§ Task brief:
With nothing omitted, transcribe the entries exactly as written.

§ Supplied data:

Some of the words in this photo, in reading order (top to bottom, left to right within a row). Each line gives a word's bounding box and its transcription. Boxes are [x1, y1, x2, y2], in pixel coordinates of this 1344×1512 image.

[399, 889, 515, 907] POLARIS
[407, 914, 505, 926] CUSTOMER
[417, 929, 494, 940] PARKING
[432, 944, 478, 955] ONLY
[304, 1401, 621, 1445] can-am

§ Task solution:
Some of the words in this photo, in reading order (top to bottom, left to right within a row). Each line gives a word's bounding box and its transcription. Boxes are [x1, y1, x2, y2], in pixel coordinates of this 1344×1512 image.

[399, 889, 515, 907] POLARIS
[407, 914, 505, 926] CUSTOMER
[417, 929, 494, 940] PARKING
[432, 944, 478, 955] ONLY
[304, 1401, 621, 1445] can-am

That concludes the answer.